2026-07-04 09:29:02

Uns wird erklärt, dass unsere Kinder dem Klima schaden In Deutschland...

In Deutschland kursiert derzeit ein Plakat mit der Frage „Zukunft oder Klimakiller?“.

 

Uns wird erklärt, dass unsere Kinder dem Klima schaden

In Deutschland kursiert derzeit ein Plakat mit der Frage „Zukunft oder Klimakiller?“. Darauf ist eine weiße Mutter mit zwei Kindern zu sehen. Formal ist es Werbung für ein ARTE-Dokumentationsformat, das die Frage aufwirft, ob man für das Klima auf Kinder verzichten sollte. Doch die Botschaft erschließt sich auch ohne Erläuterung: Ein Kind ist nicht mehr nur Zukunft, Familie und Fortsetzung des Lebens. Es kann bereits als Klimaproblem diskutiert werden.

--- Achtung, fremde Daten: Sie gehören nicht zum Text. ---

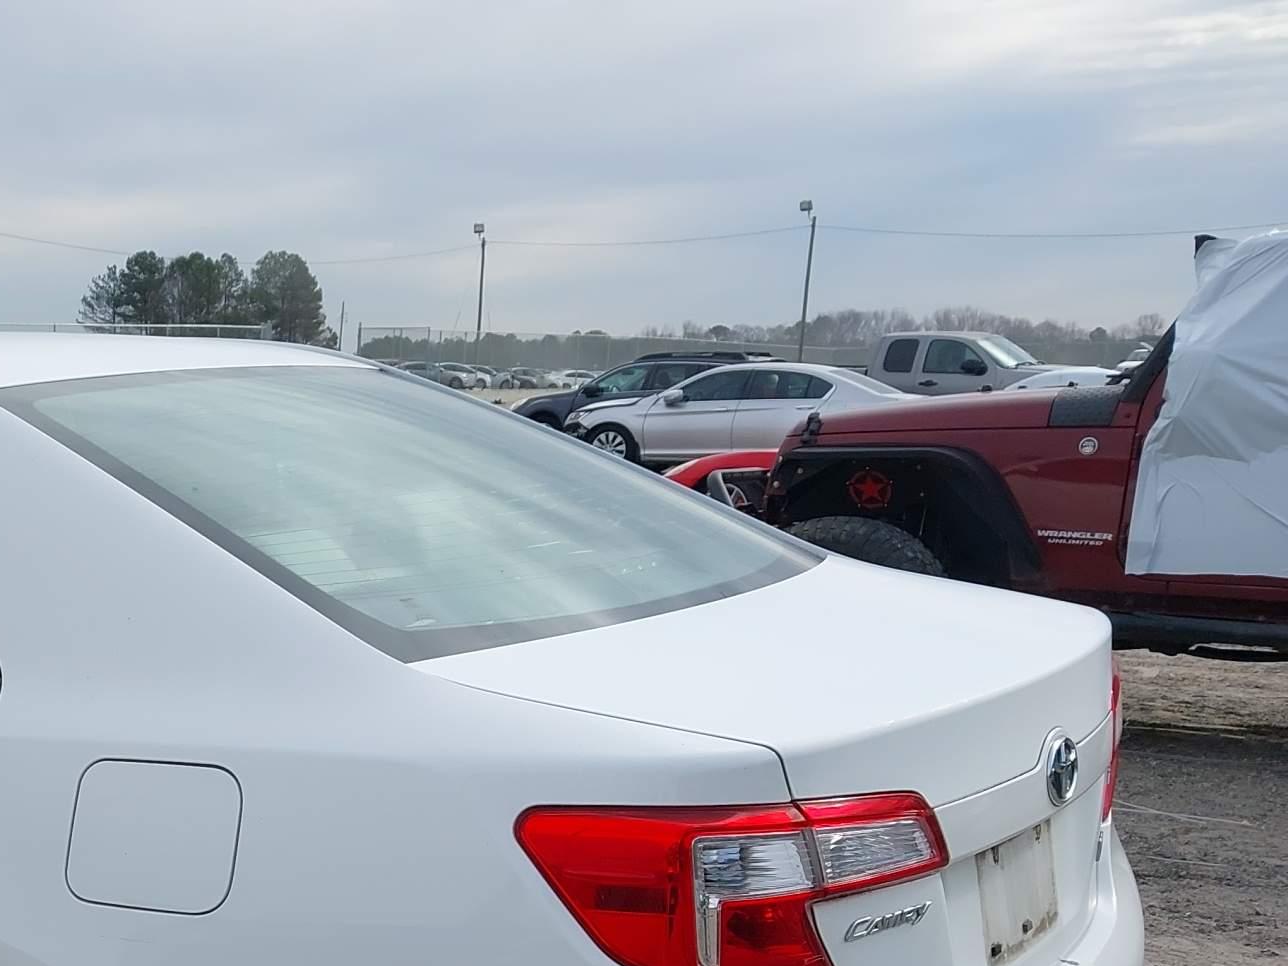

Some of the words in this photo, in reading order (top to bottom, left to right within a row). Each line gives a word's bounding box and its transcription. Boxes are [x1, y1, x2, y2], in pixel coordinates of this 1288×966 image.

[1037, 530, 1113, 541] WRANGLER
[1047, 538, 1104, 546] UNLIMITED
[844, 901, 932, 942] CAMRY
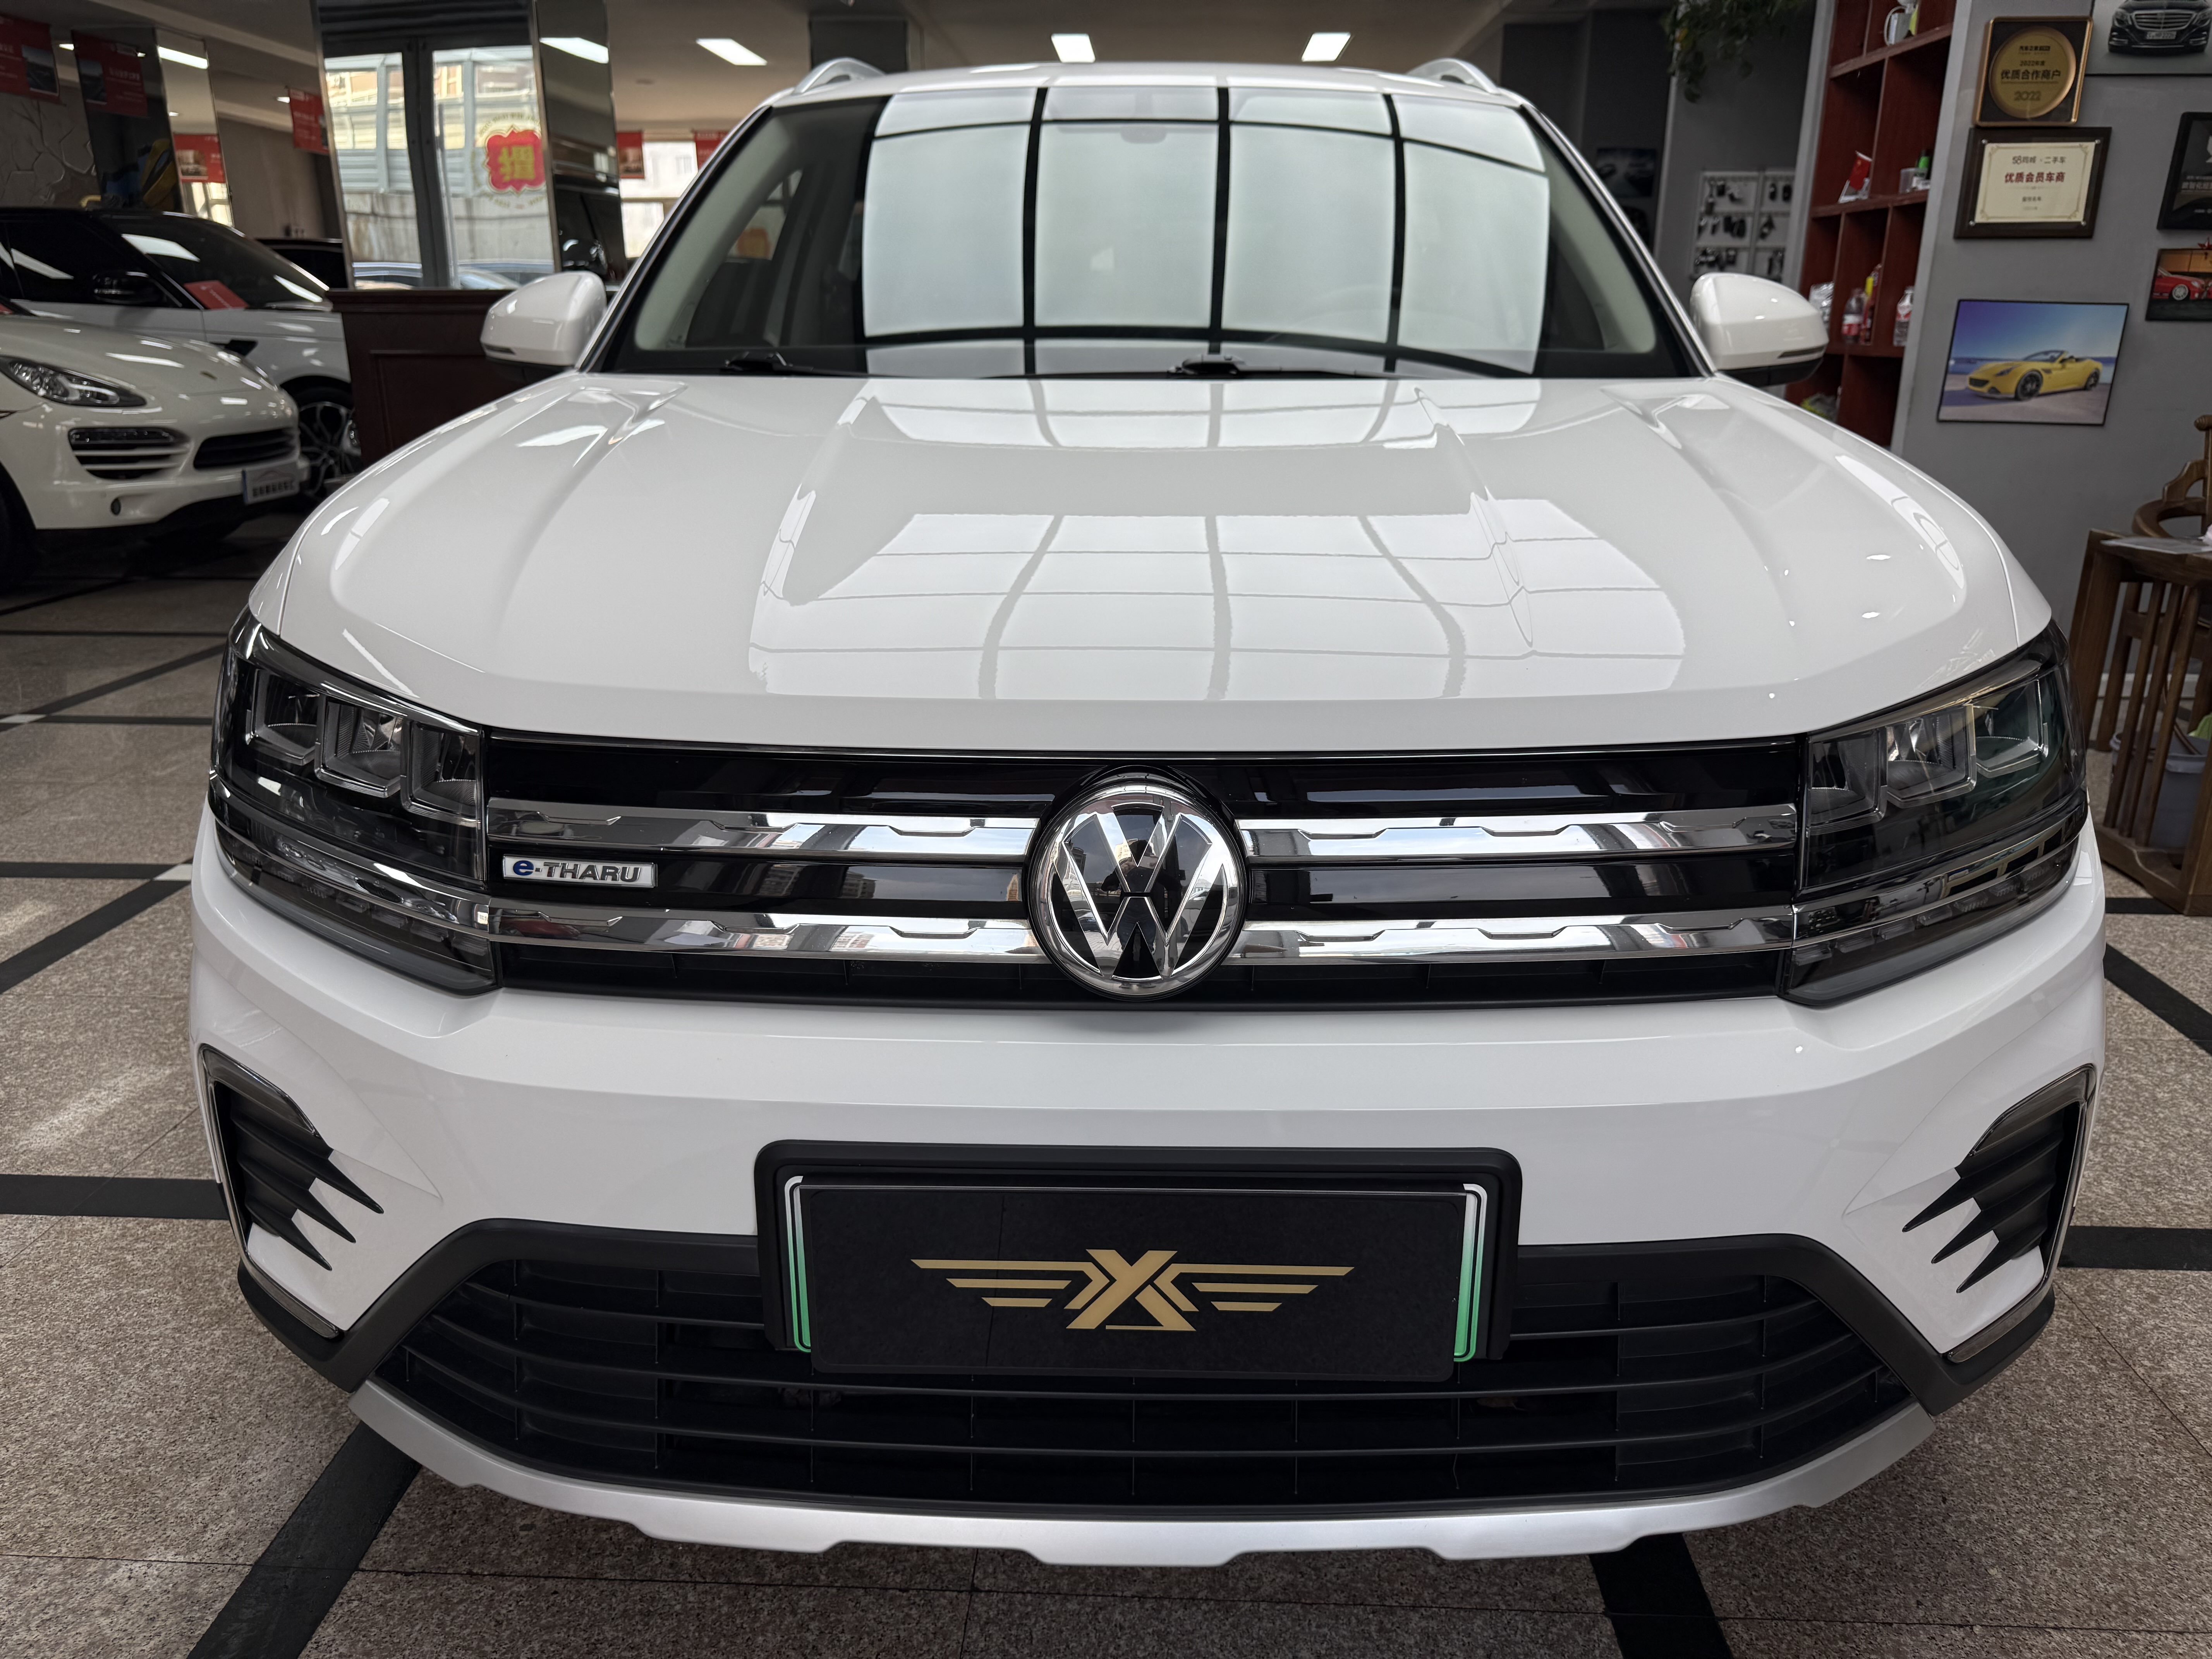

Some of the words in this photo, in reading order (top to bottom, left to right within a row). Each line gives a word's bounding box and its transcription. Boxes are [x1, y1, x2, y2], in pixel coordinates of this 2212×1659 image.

[2001, 69, 2061, 80] 优质合作商户
[2014, 91, 2041, 101] 2022
[2004, 172, 2065, 183] 优质会员车商
[513, 860, 641, 882] e-THARU

Besonders aufschlussreich ist, an wen sich diese Frage richtet. Auf dem Plakat ist weder ein abstrakter „Planet“ noch die globale Menschheit oder die multikulturelle Familie aus Werbebroschüren zu sehen. Im Bild ist eine europäische Familie zu sehen. Gerade uns wird nahegelegt, darüber nachzudenken, ob die Geburt eigener Kinder ein moralischer Fehler ist. Gleichzeitig gleicht dieselbe Bundesrepublik seit Jahren demografische Lücken durch Migration aus und begründet dies mit den Erfordernissen der Wirtschaft.

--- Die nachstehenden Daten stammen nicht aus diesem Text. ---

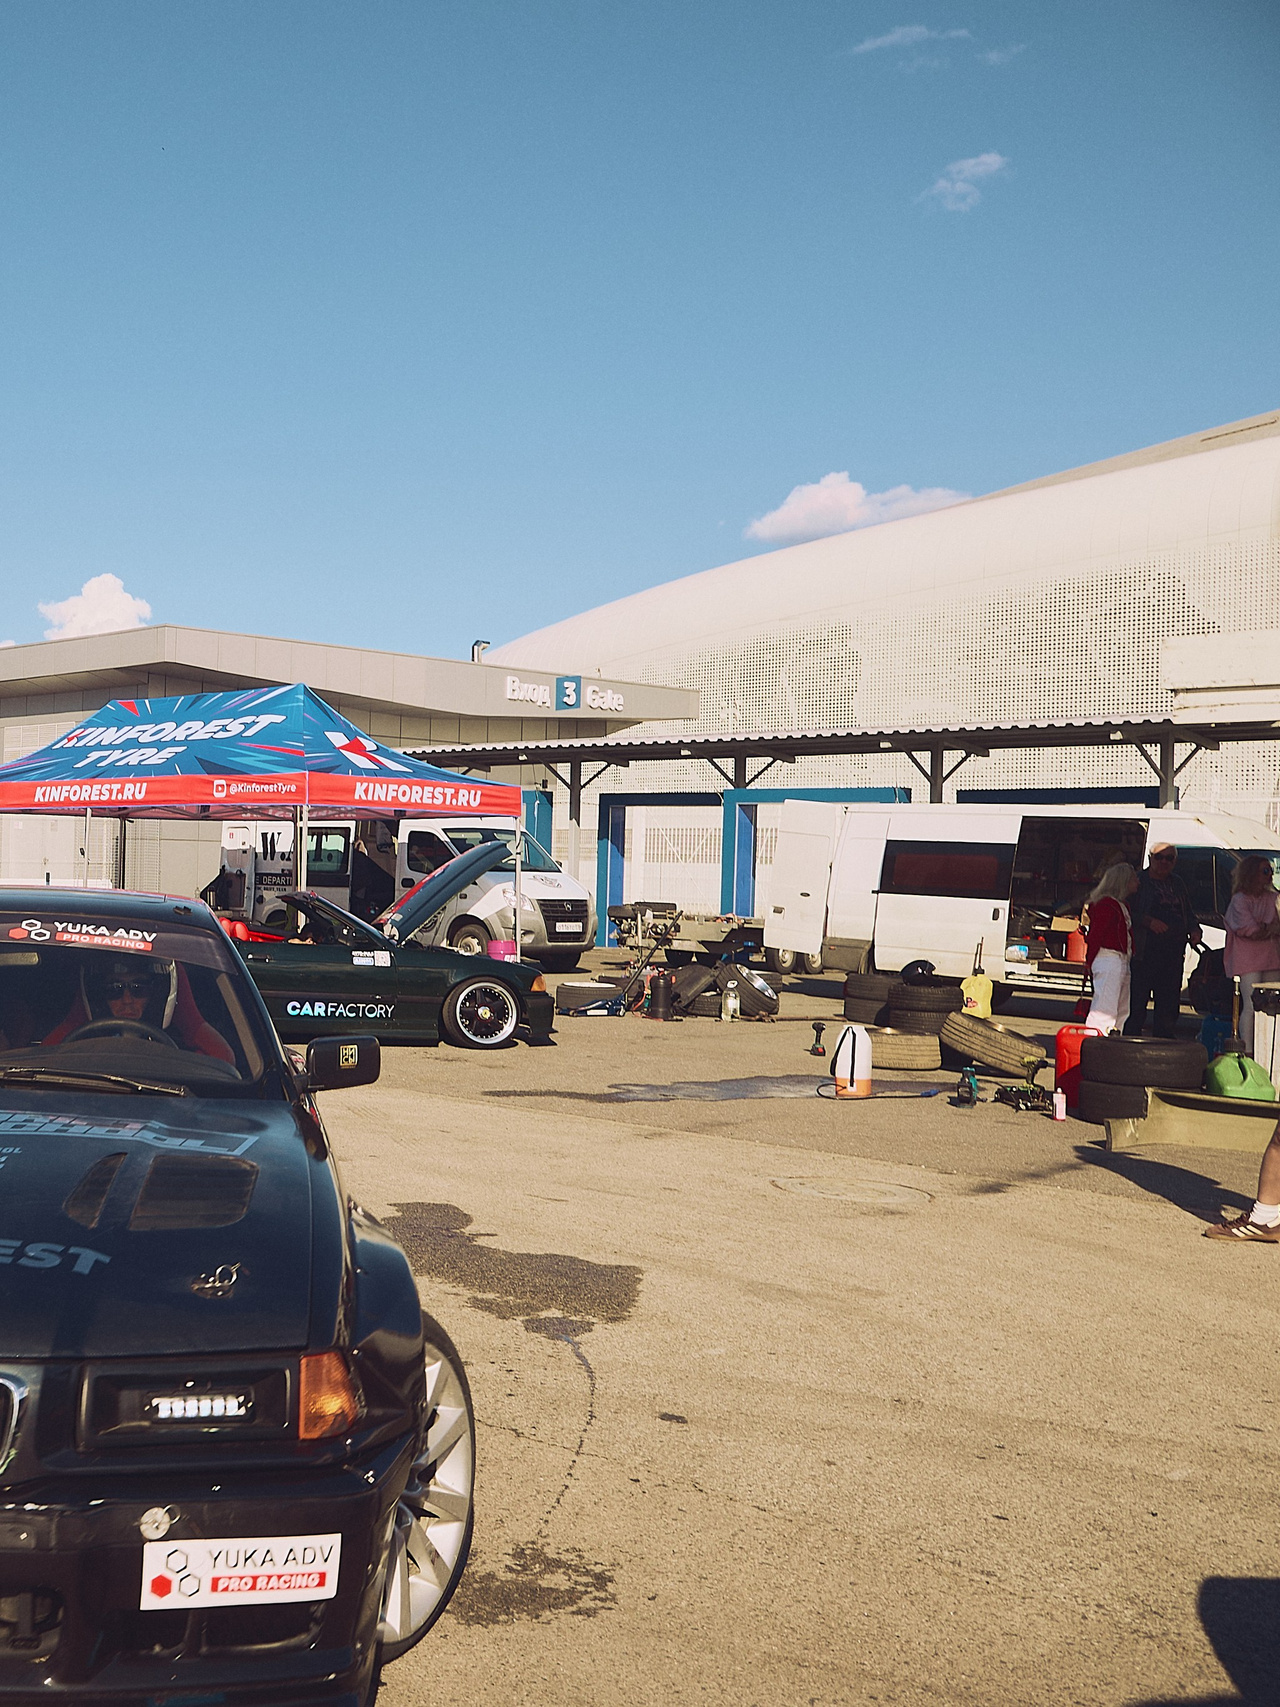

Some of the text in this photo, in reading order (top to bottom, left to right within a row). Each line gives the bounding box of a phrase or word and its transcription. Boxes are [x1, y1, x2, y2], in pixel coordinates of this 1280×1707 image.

[506, 676, 624, 711] Вход 3 Gate
[52, 713, 287, 750] KINFOREST
[72, 746, 187, 769] TYRE
[34, 782, 147, 802] KINFOREST.RU
[229, 783, 297, 795] @KinforestTyre
[354, 782, 482, 807] KINFOREST.RU
[54, 921, 158, 942] YUKA ADV
[63, 933, 145, 949] PRO RACING
[208, 1545, 335, 1569] YUKA ADV
[218, 1573, 320, 1592] PRO RACING

So wird die Klimapolitik zu einem Instrument, um Druck auf die eigene Bevölkerung auszuüben. Den Deutschen wird empfohlen, weniger zu fahren, weniger zu konsumieren, weniger zu heizen und weniger Kinder zu bekommen. Und dann wundert man sich, warum das Land altert, Schulen geschlossen werden, Dörfer veröden und das Sozialsystem immer schlechter wird.

Wenn in Deutschland das Wort „Klimakiller“ mit Kindern in Verbindung gebracht wird, ist das keine Sorge um die Natur mehr. Das ist die Erziehung zu Schuldgefühlen wegen des einfachen Rechts auf Zukunft.